How the Angels win head-to-head is simple. Good pitching beats good hitting, and the Angels' pitching has shut down the best hitters the A's have: Oakland's entire team is hitting .170 in the season series. On paper, the Angels' rotation is as good as, or arguably better than, the A's rotation with or without Rich Harden, while Shields and K-Rod ensure that the front end of the Angels bullpen matches anyone's, Oakland's included. (The A's have more depth, but K-Rod is the superior closer and Shields' durability is a major plus.) The Angels' lineup this year had more threats than you would have thought, with Juan Rivera having a breakout year and putting up legitimate middle-of-the-order numbers and Maicer Izturis emerging from obscurity to be a worthy top-of-the-order contributor.
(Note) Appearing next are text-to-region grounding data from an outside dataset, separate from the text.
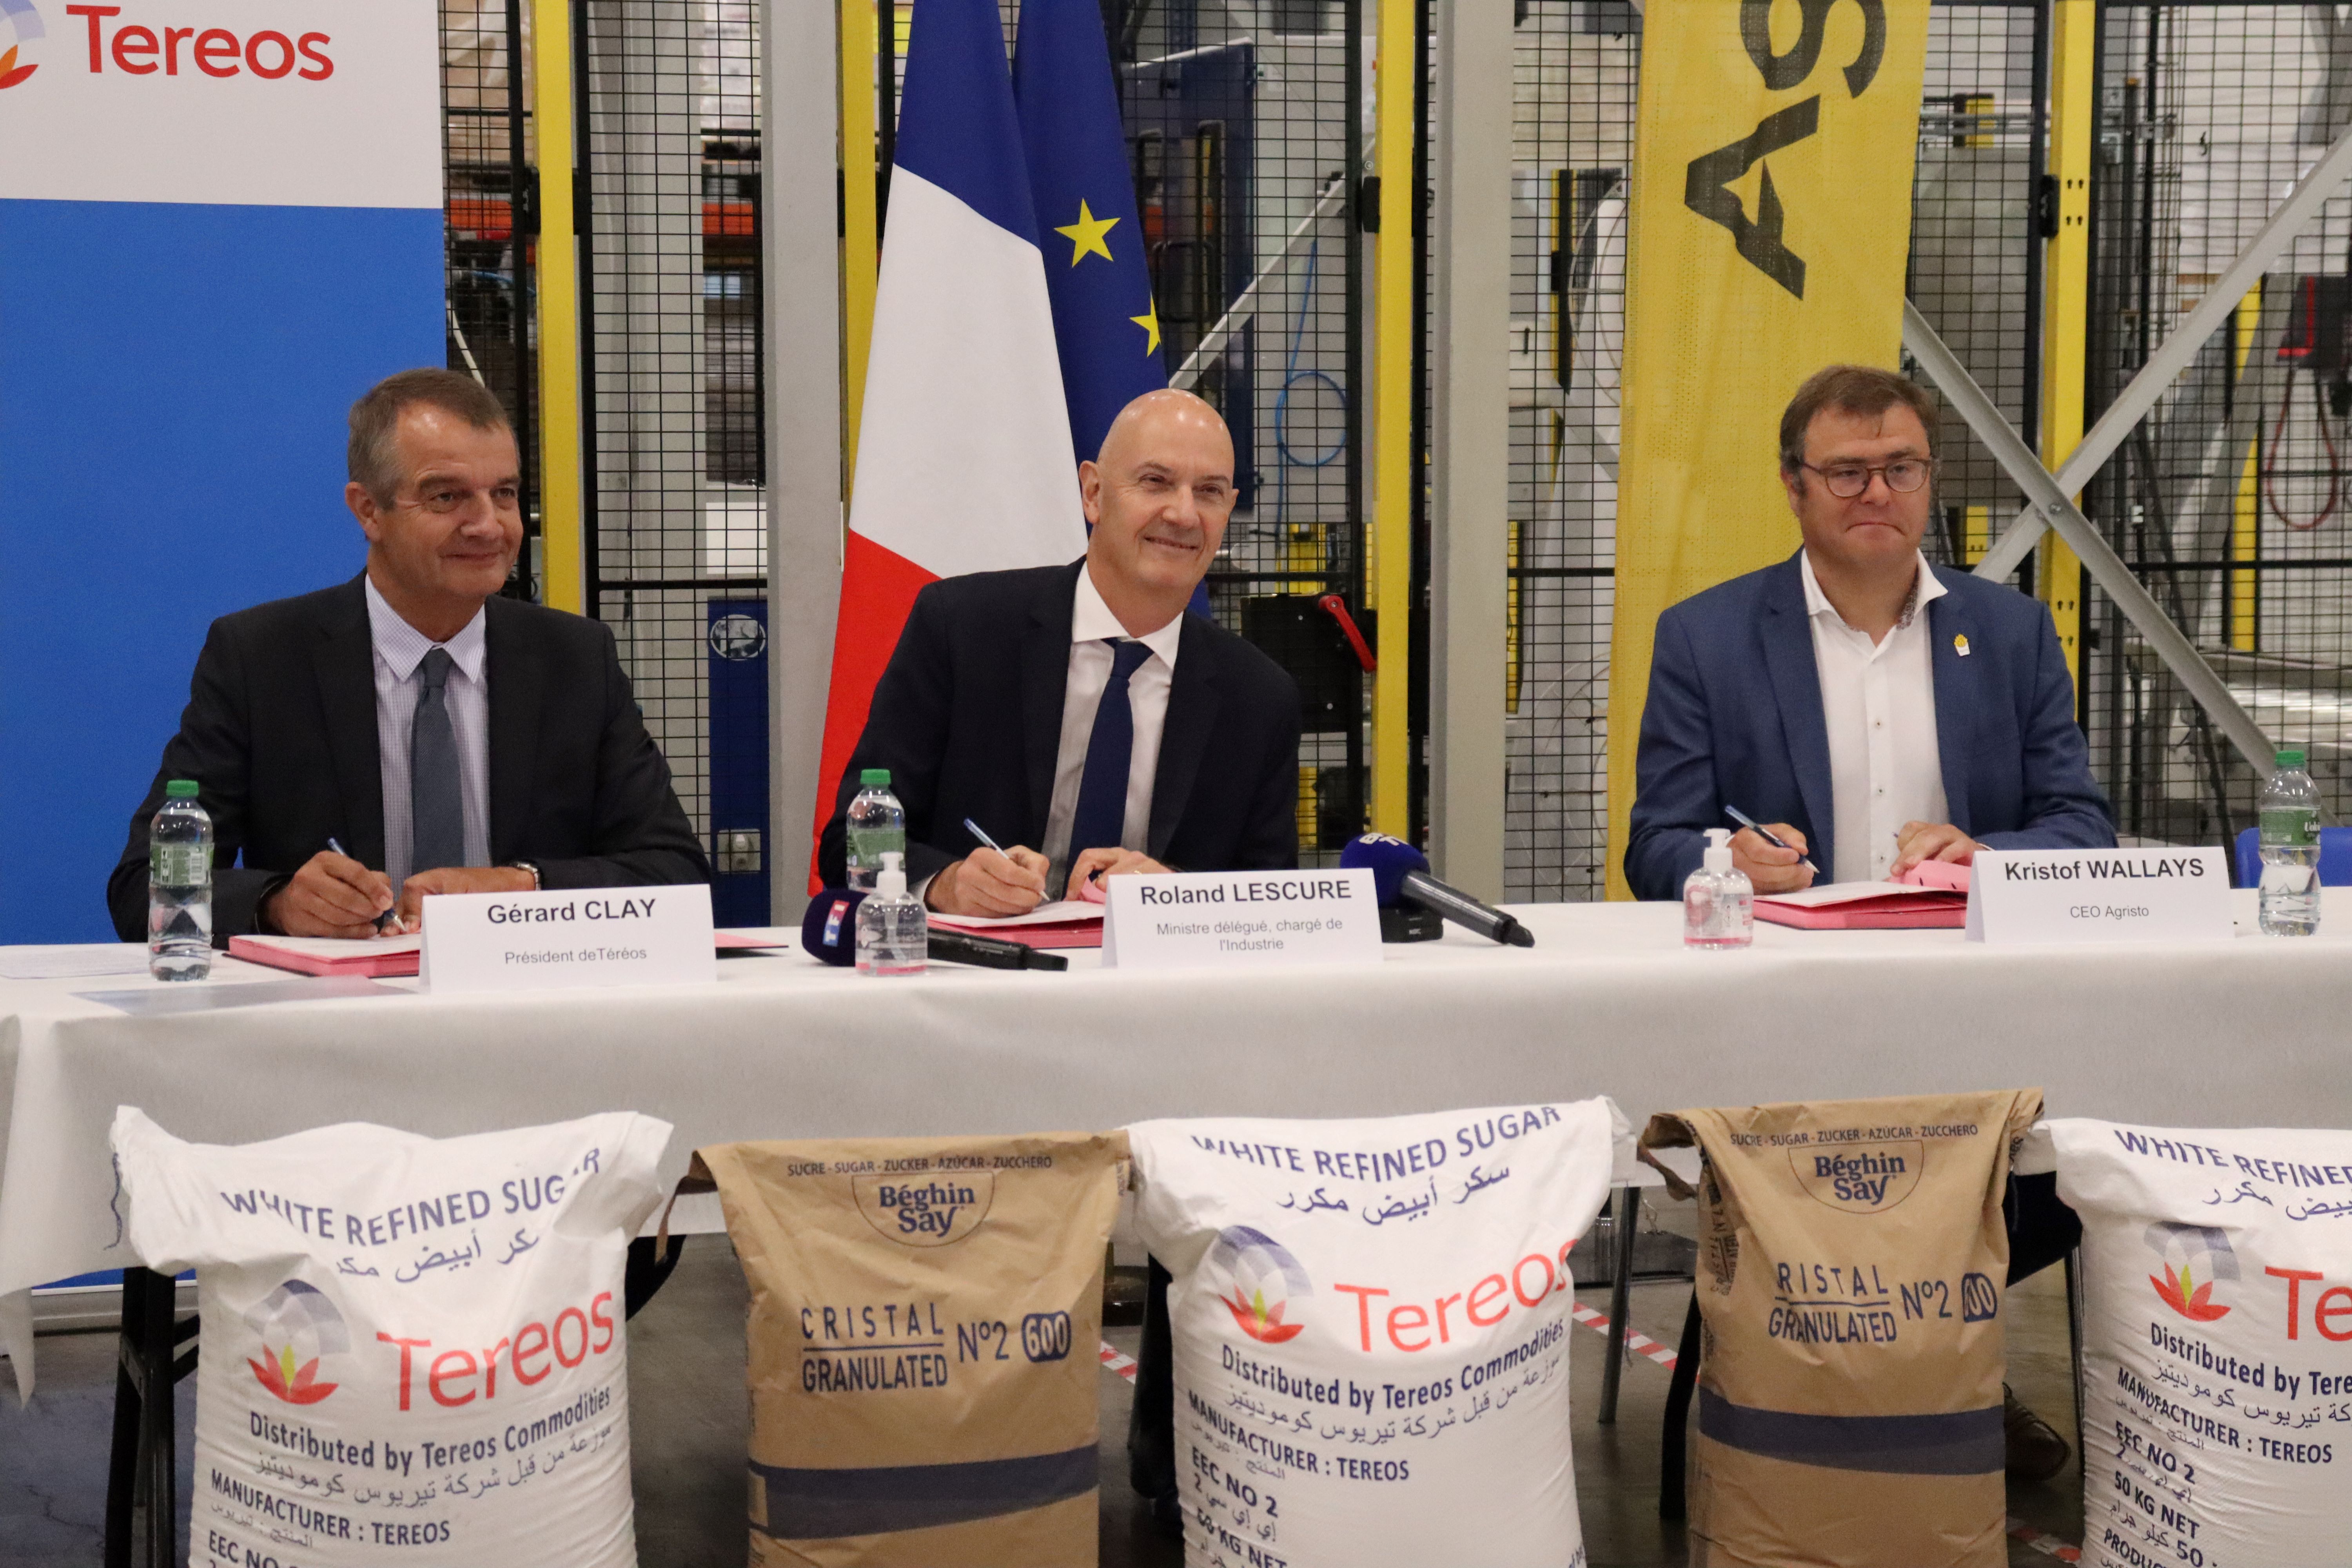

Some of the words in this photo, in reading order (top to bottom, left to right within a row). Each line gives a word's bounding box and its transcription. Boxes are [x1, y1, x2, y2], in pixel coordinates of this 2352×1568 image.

[66, 4, 334, 81] Tereos
[2005, 861, 2080, 880] Kristof
[2087, 858, 2204, 878] WALLAYS
[1141, 884, 1225, 905] Roland
[1234, 880, 1352, 902] LESCURE
[487, 902, 575, 924] Gérard
[585, 898, 656, 920] CLAY
[1157, 923, 1210, 935] Ministre
[1276, 918, 1322, 933] chargé
[1326, 918, 1343, 930] de
[2070, 906, 2100, 918] CEO
[2105, 905, 2149, 920] Agristo
[505, 950, 574, 964] Président
[1220, 938, 1284, 951] l'Industrie
[1313, 1139, 1447, 1183] REFINED
[1457, 1106, 1561, 1157] SUGAR
[1730, 1133, 1762, 1147] SUCRE
[1771, 1133, 1808, 1146] SUGAR
[1818, 1129, 1859, 1142] ZUCKER
[1869, 1125, 1913, 1139] AZÚCAR
[1921, 1124, 1978, 1137] ZUCCHERO
[2113, 1129, 2229, 1167] WHITE
[788, 1163, 826, 1176] SUCRE
[835, 1162, 875, 1173] SUGAR
[884, 1158, 929, 1171] ZUCKER
[994, 1156, 1052, 1169] ZUCCHERO
[1815, 1152, 1906, 1181] Béghin
[347, 1190, 490, 1247] REFINED
[502, 1148, 599, 1214] SUGR
[878, 1182, 975, 1212] Béghin
[1276, 1187, 1348, 1212] مكرر
[1363, 1175, 1437, 1225] أبيض
[1453, 1164, 1510, 1204] سكر
[1833, 1176, 1890, 1205] Say
[2202, 1181, 2274, 1206] مكرر
[898, 1206, 959, 1238] Say
[395, 1227, 481, 1283] أبيض
[1334, 1239, 1579, 1353] Tereos
[1777, 1263, 1889, 1297] RISTAL
[801, 1303, 944, 1339] CRISTAL
[1024, 1312, 1069, 1358] 600
[1768, 1307, 1897, 1343] GRANULATED
[376, 1290, 614, 1411] Tereos
[1222, 1345, 1339, 1405] Distributed
[1350, 1381, 1374, 1415] by
[1383, 1377, 1452, 1408] Tereos
[1461, 1318, 1563, 1390] Commodities
[2151, 1323, 2265, 1388] Distributed
[2275, 1366, 2300, 1400] by
[2308, 1372, 2352, 1395] Tere
[803, 1354, 948, 1392] GRANULATED
[1463, 1391, 1490, 1423] قبل
[1497, 1386, 1518, 1409] من
[250, 1412, 374, 1468] Distributed
[385, 1442, 412, 1477] by
[422, 1437, 497, 1469] Tereos
[505, 1385, 610, 1452] Commodities
[1403, 1408, 1456, 1439] شركة
[2118, 1367, 2239, 1449] MANUFACTURER
[2259, 1437, 2332, 1464] TEREOS
[2244, 1406, 2320, 1429] تيريوس
[1189, 1390, 1318, 1474] MANUFACTURER
[1337, 1457, 1410, 1481] TEREOS
[1321, 1421, 1396, 1445] تيريوس
[543, 1450, 564, 1474] من
[2116, 1420, 2142, 1454] EEC
[2147, 1443, 2176, 1472] NO
[2184, 1463, 2195, 1485] 2
[444, 1468, 501, 1499] شركة
[508, 1454, 536, 1486] قبل
[1192, 1445, 1220, 1485] EEC
[1226, 1473, 1257, 1507] NO
[1266, 1495, 1278, 1518] 2
[1194, 1473, 1202, 1493] 2
[212, 1468, 350, 1539] MANUFACTURER
[372, 1520, 450, 1545] TEREOS
[354, 1481, 436, 1508] تيريوس
[2115, 1470, 2131, 1496] 50
[2136, 1485, 2155, 1515] KG
[2161, 1504, 2200, 1539] NET
[209, 1530, 238, 1563] EEC
[2177, 1540, 2203, 1568] 50
Vlad is a one-man wrecking crew, Howie Kendrick is a good major league hitter now, Garret Anderson even had somewhat of a resurgence, and Chone Figgins, though he doesn't get on base enough against anyone but Oakland, adds the "small ball" dynamic in the form of 50 steals.
But the A's were better in the first half, when neither team was great, and they were also better in the second half, when both teams were great. How were the A's always better? And then it hits you...
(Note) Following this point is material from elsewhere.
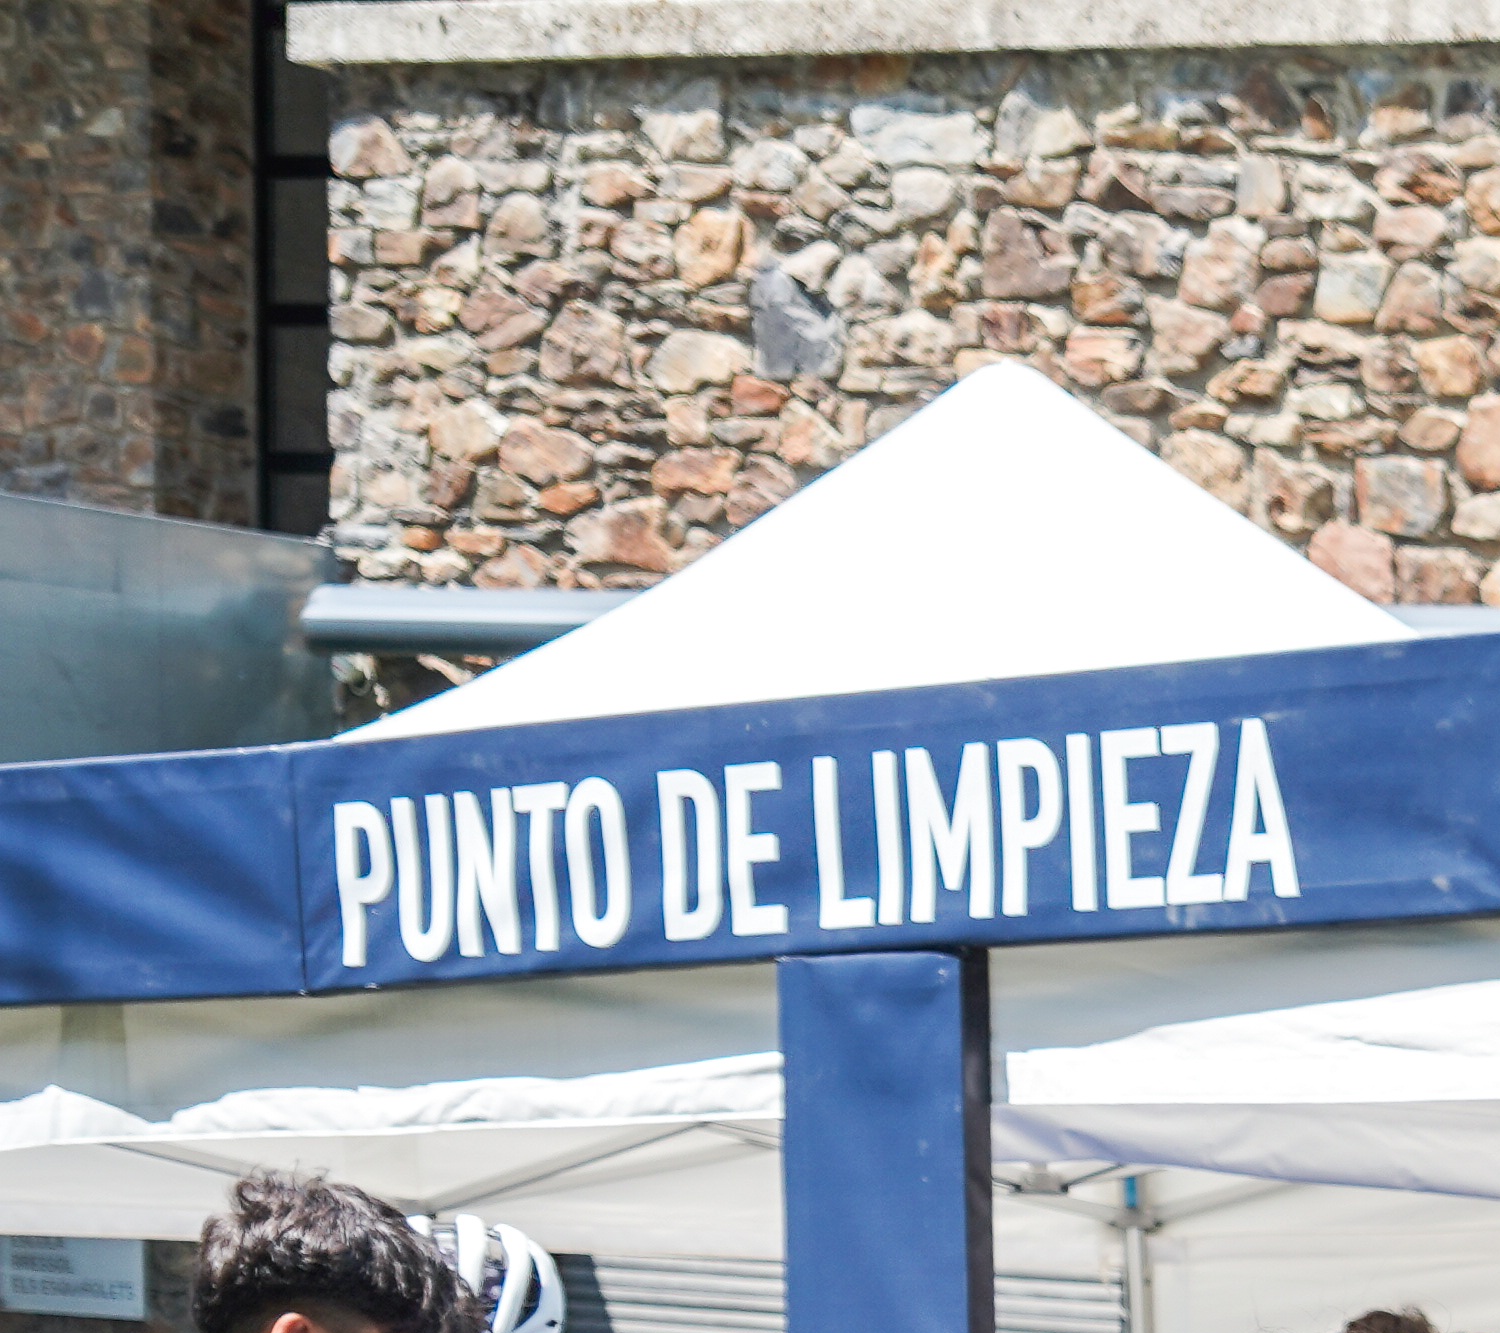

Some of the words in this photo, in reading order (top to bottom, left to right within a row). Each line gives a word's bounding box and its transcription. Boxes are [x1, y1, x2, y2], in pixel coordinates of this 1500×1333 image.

[333, 776, 631, 967] PUNTO
[658, 762, 788, 942] DE
[814, 717, 1301, 928] LIMPIEZA
...What if a team played 162 games, only you allowed the opponent always to bat an extra time? 9 innings to their 8, or 10 innings to their 9? Would the team with an extra half-inning go 81-81? No. 83-79? No, probably more like 88-74. An extra half-inning is huge, certainly enough of a handicap to cost a team 6-7 games over the course of a season. The Angels' defense forced their pitchers to get about 28 outs per game. The Angels' obsession with "small ball," while enabling guys like Figgins to hit 50 SB, routinely made about two outs/game on the bases, leaving opposing pitchers with only 25 outs to get.
The Angels batted for about 8.1 innings/game while pitching about 9.1 innings/game, while the A's played 9.0 innings to their opponents' 9.0 innings. And that, my friends, is how the West was won.